ITunes creator Jeff Robbin seen working on Apple's TV

Yea, I am reposting this a little late, a friend just pointed this out to me.

Do you think Apple will really do it this time,or will it be as big of a disappointment as the last one?

If it looks like a brick and works like a brick, then it's little more then a very expensive brick.

I had my 70 year old mother by one for us when she was visiting because I figured it would solve her TV needs as all of our TV was from a fickle Windows PC  with Netflix, Hulu and Bit Torrent.
It failed to even come close.

From Now on if GrandMa can't use the Internet TV then your product ain't ready for general public.
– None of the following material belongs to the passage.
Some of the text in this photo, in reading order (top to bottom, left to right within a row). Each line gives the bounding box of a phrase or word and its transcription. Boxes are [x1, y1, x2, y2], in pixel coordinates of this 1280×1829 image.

Please anyone managing an Internet TV,Connected TV, project; hang that on your wall and beat it in to your developers.

 iTunes has it's fans, but I am not one.  Are they going do to anything for us non-iTune, non-iPod users or just cater only to their existing base?

John L. Sokol 11/17/2011

From http://www.bizjournals.com/sanjose/news/2011/10/24/itunes-creator-jeff-robbin-seen.html

Date: Monday, October 24, 2011, 4:40pm PDT - Last Modified: Monday, October 24, 2011, 4:51pm PDT
Jeff Robbin, the software engineer who helped remake the music industry with the iPod and the iTunes Store, is reportedly working on Apple Inc's efforts to revolutionize the television set.
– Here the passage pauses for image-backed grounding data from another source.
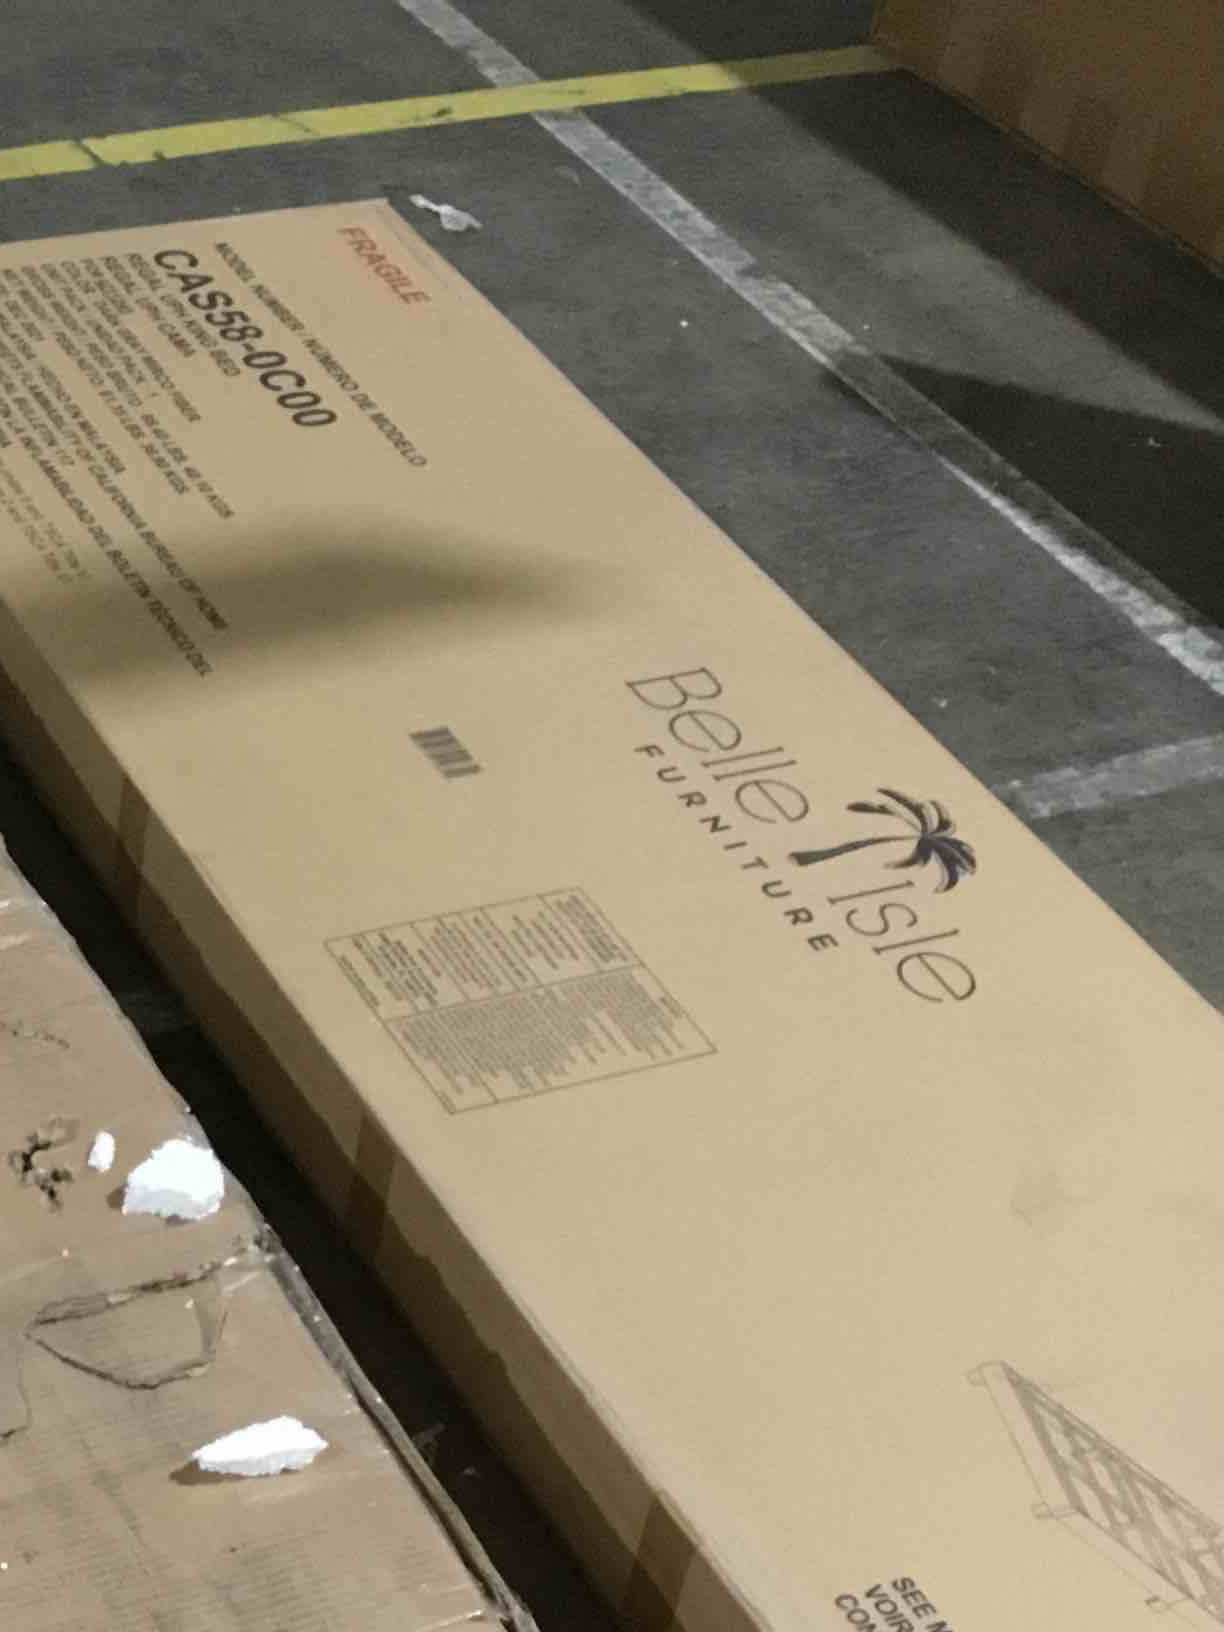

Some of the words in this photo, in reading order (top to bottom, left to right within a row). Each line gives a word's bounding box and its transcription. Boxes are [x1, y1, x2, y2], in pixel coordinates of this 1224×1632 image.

[337, 227, 432, 304] FRAGILE
[154, 249, 338, 428] CAS58-0C00
[158, 324, 196, 357] CAMA
[351, 394, 377, 411] DE
[371, 413, 427, 466] MODELO
[625, 667, 810, 823] Belle
[827, 880, 977, 1003] Isle
[634, 744, 840, 951] FURNITURE
[892, 1576, 937, 1619] SEE
Bloomberg cited unnamed sources who said that Robbins is the person in charge of bringing to reality what Apple's late co-founder Steve Jobs envisioned when he told his biographer that he had "cracked" the problem of making TV simpler.
Bloomberg said that one of its sources cautioned that it isn't clear that there will actually be a television from Apple.
But author Walter Isaacson wrote producing a new type of TV was very much on Jobs' mind: "He very much wanted to do for television sets what he had done for computers, music players, and phones: make them simple and elegant."
In the book, Jobs is quoted as saying, "I'd like to create an integrated television set that is completely easy to use. It would be seamlessly synced with all of your devices and with iCloud."
Analysts have projected that Apple might produce a television sometime in the next two years.
The company's current "Apple TV" product is a $99 box that connects set with content from iTunes, Netflix Inc.  and YouTube. Jobs jokingly referred to it as a "hobby" rather than a serious effort.
But putting Robbin in charge would appear to elevate the project. He came to Apple in 2000 to develop iTunes after the company bought a music player he had developed known as SoundJam.
Isaacson wrote in the biography published Monday that Jobs was so concerned about keeping Robbin at Apple that he wouldn’t let a Time magazine reporter meet him without agreeing not to print his last name.